• _Goal of the exercise_
What is needed is an exact copy of the records below, without the pictures.

[Opening Data for the task section]

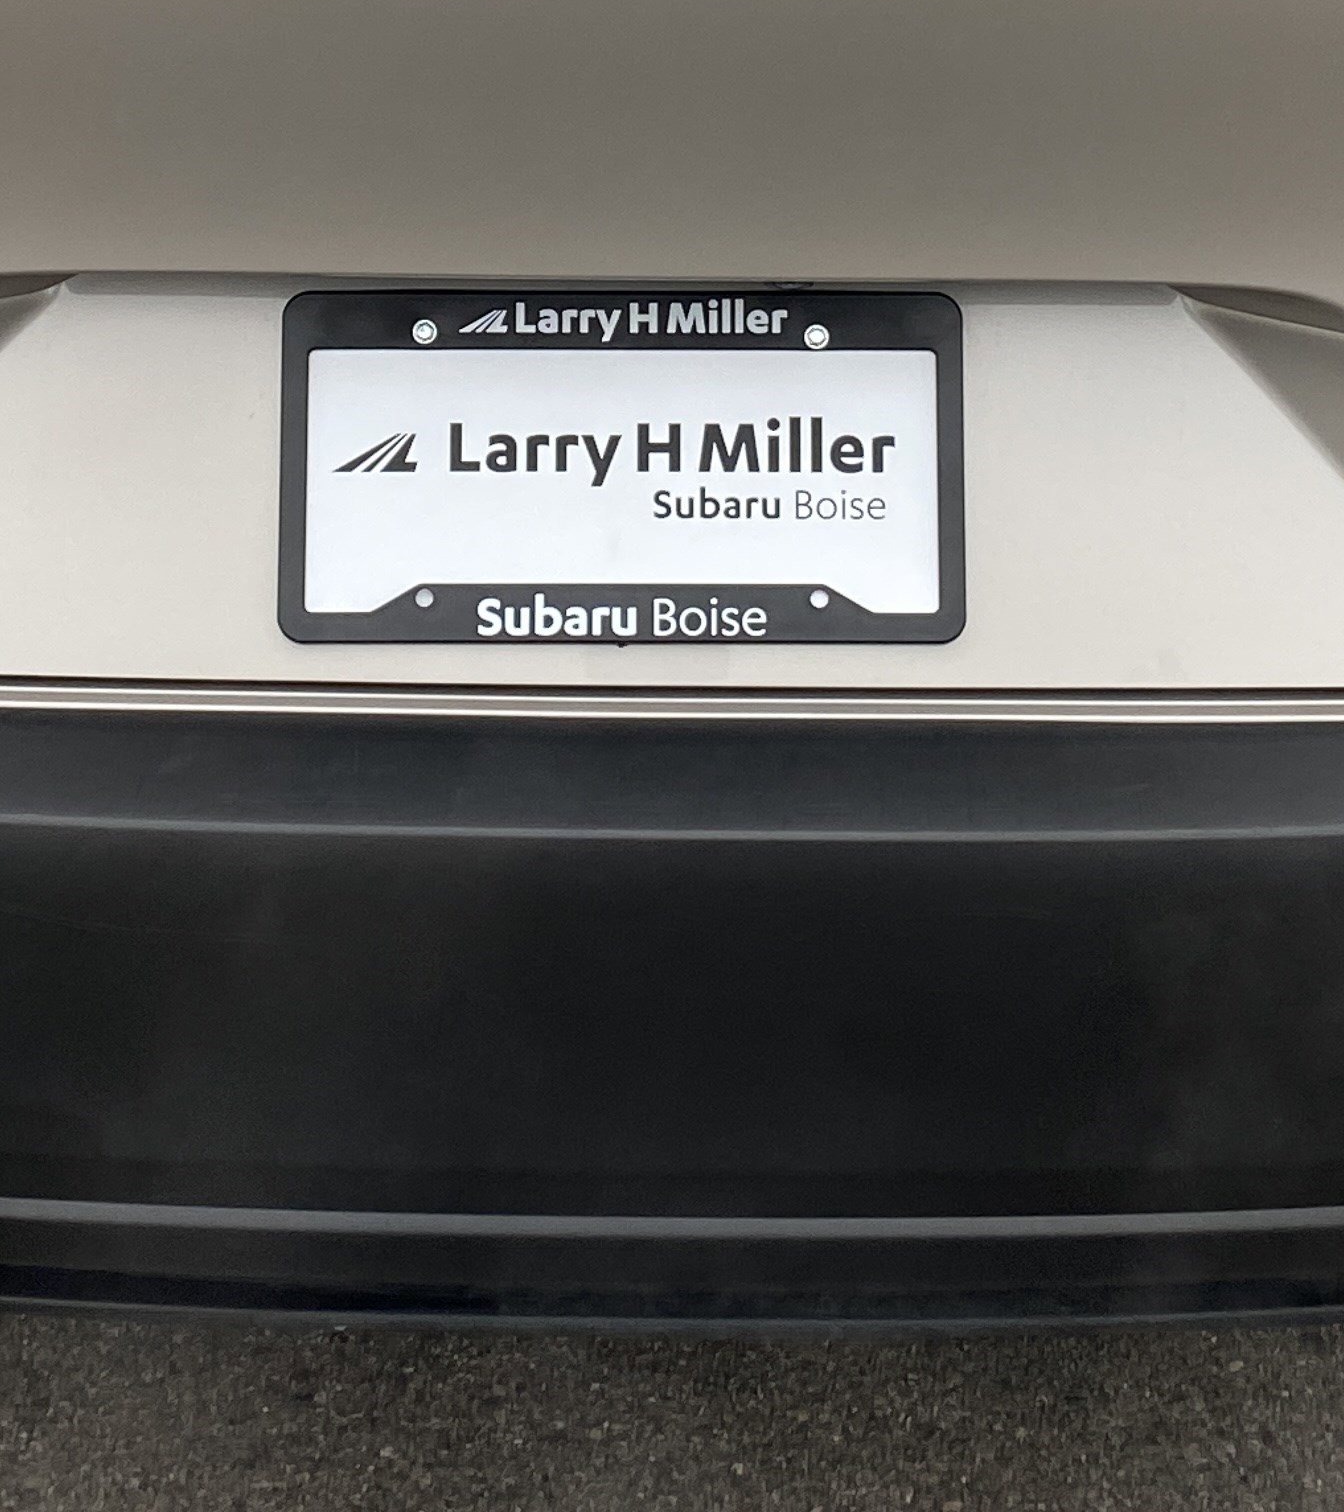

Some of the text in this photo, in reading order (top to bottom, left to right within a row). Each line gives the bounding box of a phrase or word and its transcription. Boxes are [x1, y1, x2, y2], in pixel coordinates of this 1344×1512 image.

[515, 298, 788, 343] Larry H Miller
[449, 416, 896, 487] Larry H Miller
[653, 487, 887, 521] Subaru Boise
[476, 592, 768, 637] Subaru Boise
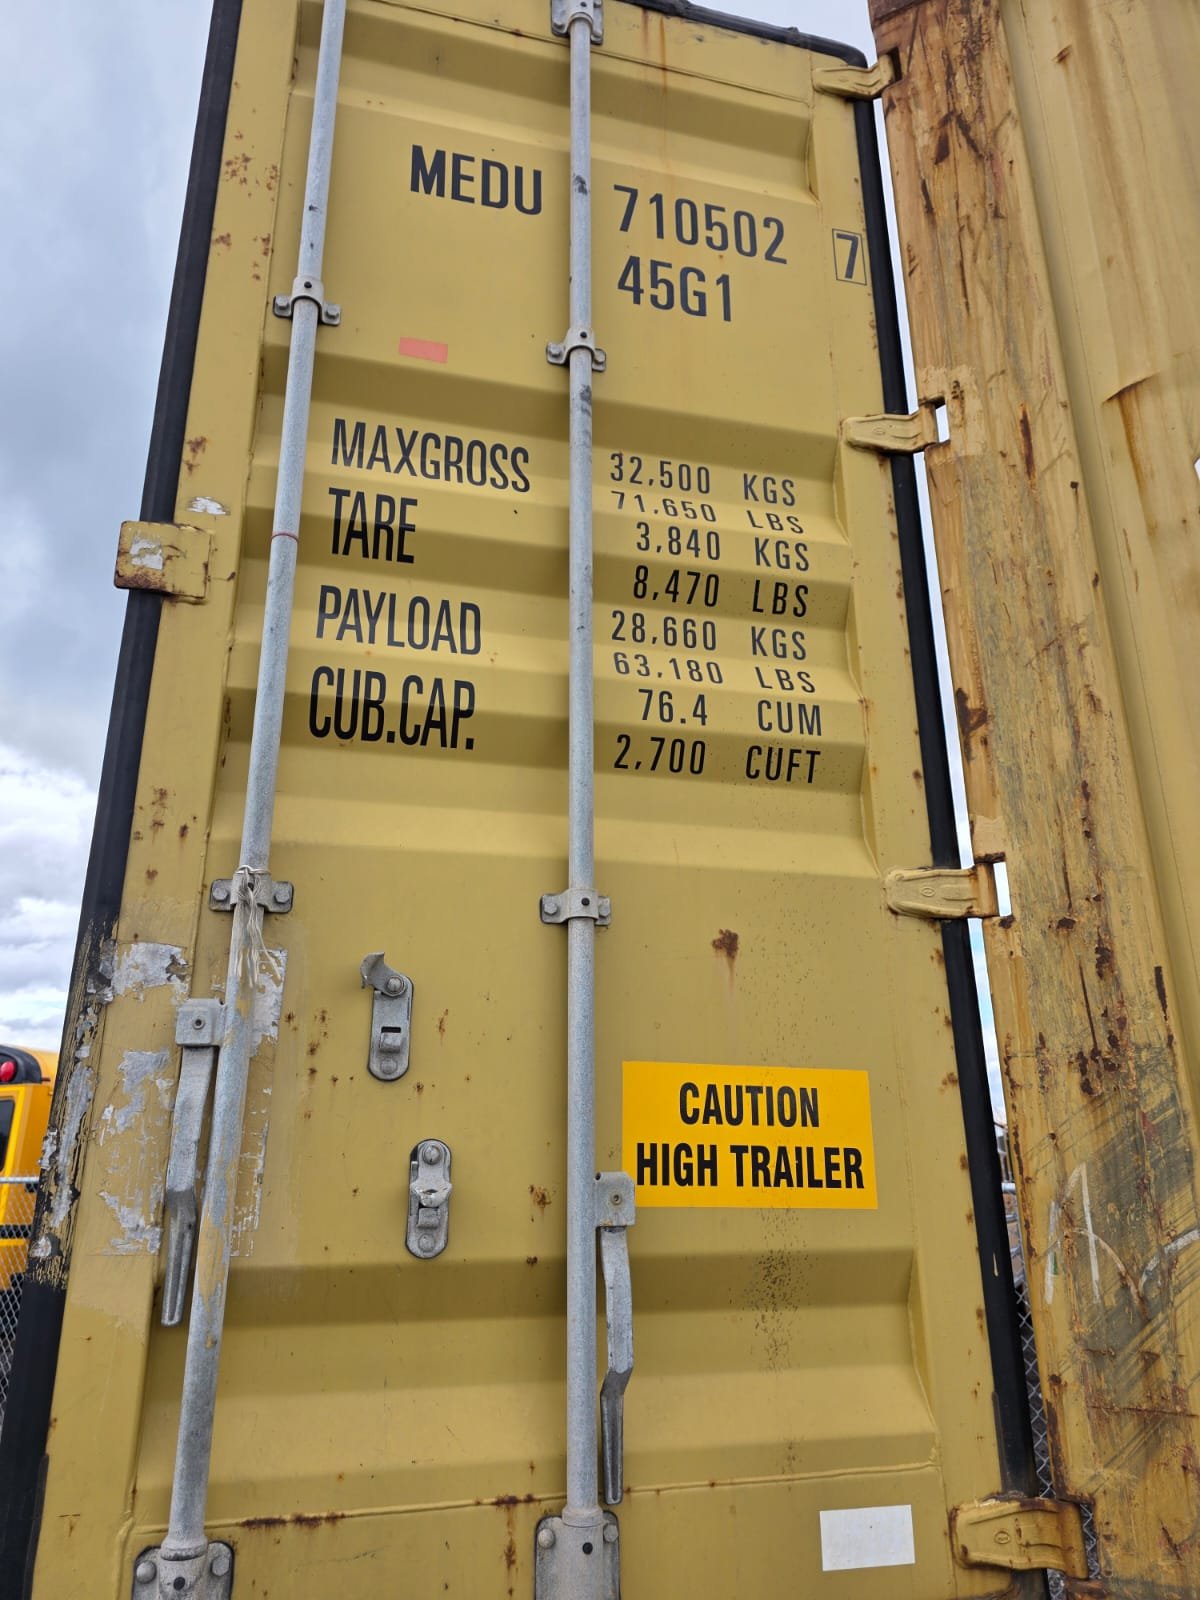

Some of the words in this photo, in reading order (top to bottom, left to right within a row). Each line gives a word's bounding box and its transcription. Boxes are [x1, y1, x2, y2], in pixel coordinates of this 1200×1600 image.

[409, 144, 542, 215] MEDU
[613, 184, 788, 264] 710502
[835, 233, 859, 279] 7
[617, 255, 732, 322] 45G1
[330, 418, 531, 493] MAXGROSS
[742, 473, 796, 507] KGS
[328, 487, 418, 564] TARE
[754, 536, 810, 572] KGS
[747, 510, 804, 535] LBS
[316, 584, 482, 656] PAYLOAD
[751, 626, 807, 661] KGS
[751, 579, 809, 618] LBS
[309, 665, 476, 750] CUB.CAP.
[637, 688, 708, 726] 76.4
[757, 699, 822, 737] CUM
[755, 666, 816, 694] LBS
[613, 734, 706, 775] 2,700
[745, 744, 821, 784] CUFT
[679, 1081, 820, 1128] CAUTION
[635, 1142, 719, 1188] HIGH
[730, 1144, 865, 1190] TRAILER
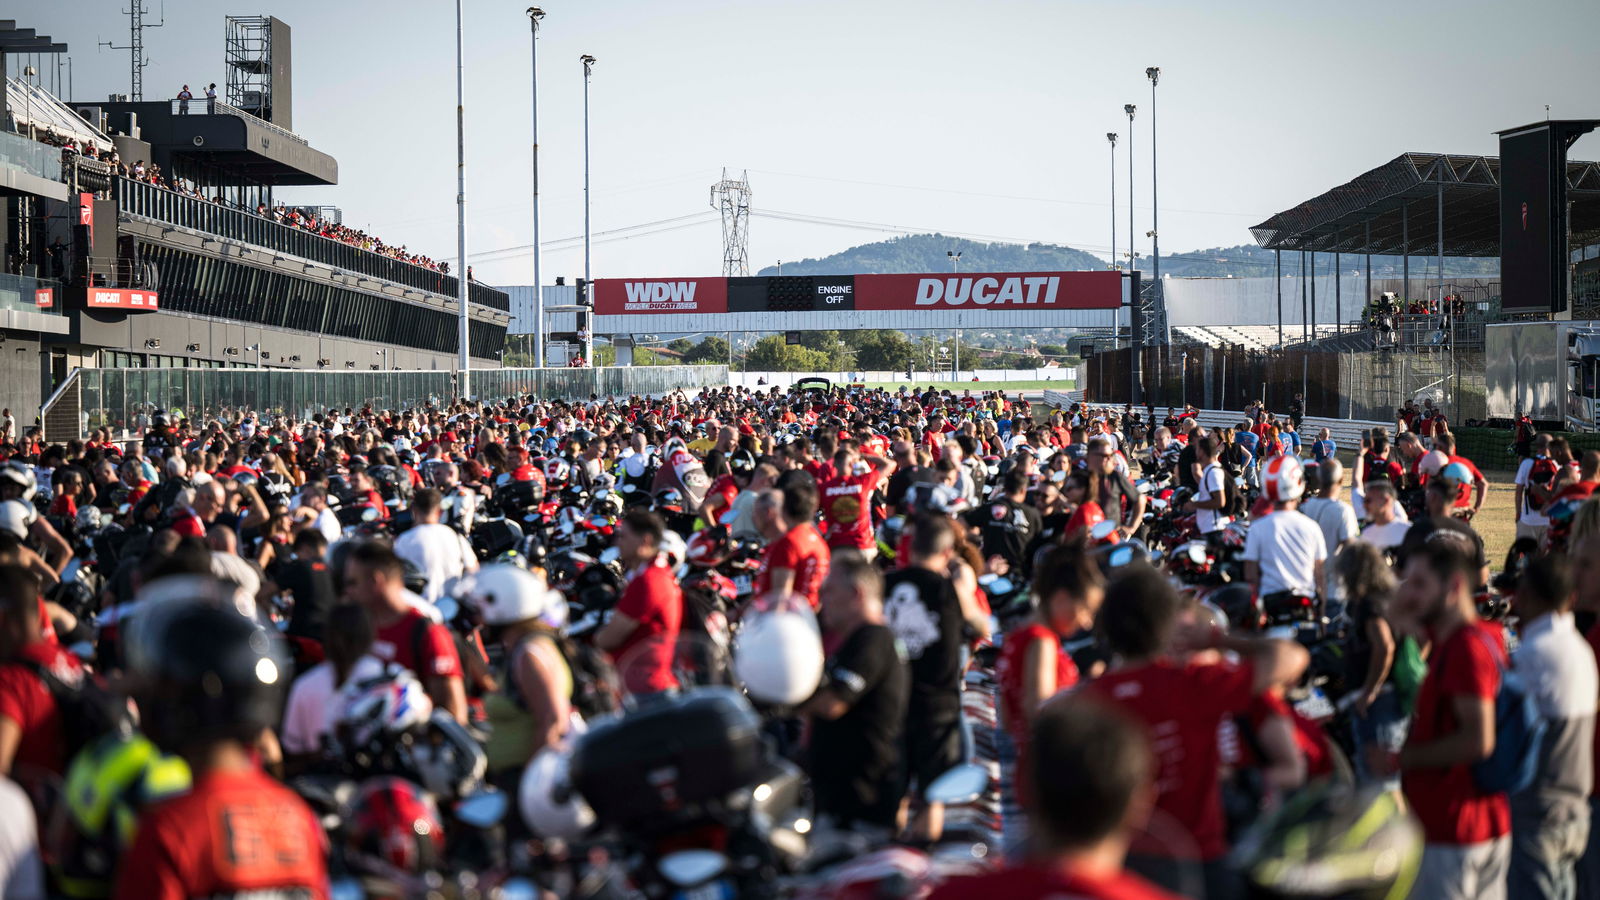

[Closing Data for the task section]

• _Solution to this task_
Some of the text in this photo, in reading order (top to bottom, left to right within a row). Each line gives the bounding box of a phrase or word and its transcription. Boxes are [x1, y1, x2, y2], in pixel coordinates of this 1344×1512 image.

[515, 298, 788, 343] Larry H Miller
[449, 416, 896, 487] Larry H Miller
[653, 487, 887, 521] Subaru Boise
[476, 592, 768, 637] Subaru Boise

Some of the words in this photo, in reading order (top to bottom, left to right within a row). Each line gives a word's bounding box and its transcription. Boxes are [x1, y1, x2, y2], in pixel coordinates of this 1200×1600 image.

[409, 144, 542, 215] MEDU
[613, 184, 788, 264] 710502
[835, 233, 859, 279] 7
[617, 255, 732, 322] 45G1
[330, 418, 531, 493] MAXGROSS
[742, 473, 796, 507] KGS
[328, 487, 418, 564] TARE
[754, 536, 810, 572] KGS
[747, 510, 804, 535] LBS
[316, 584, 482, 656] PAYLOAD
[751, 626, 807, 661] KGS
[751, 579, 809, 618] LBS
[309, 665, 476, 750] CUB.CAP.
[637, 688, 708, 726] 76.4
[757, 699, 822, 737] CUM
[755, 666, 816, 694] LBS
[613, 734, 706, 775] 2,700
[745, 744, 821, 784] CUFT
[679, 1081, 820, 1128] CAUTION
[635, 1142, 719, 1188] HIGH
[730, 1144, 865, 1190] TRAILER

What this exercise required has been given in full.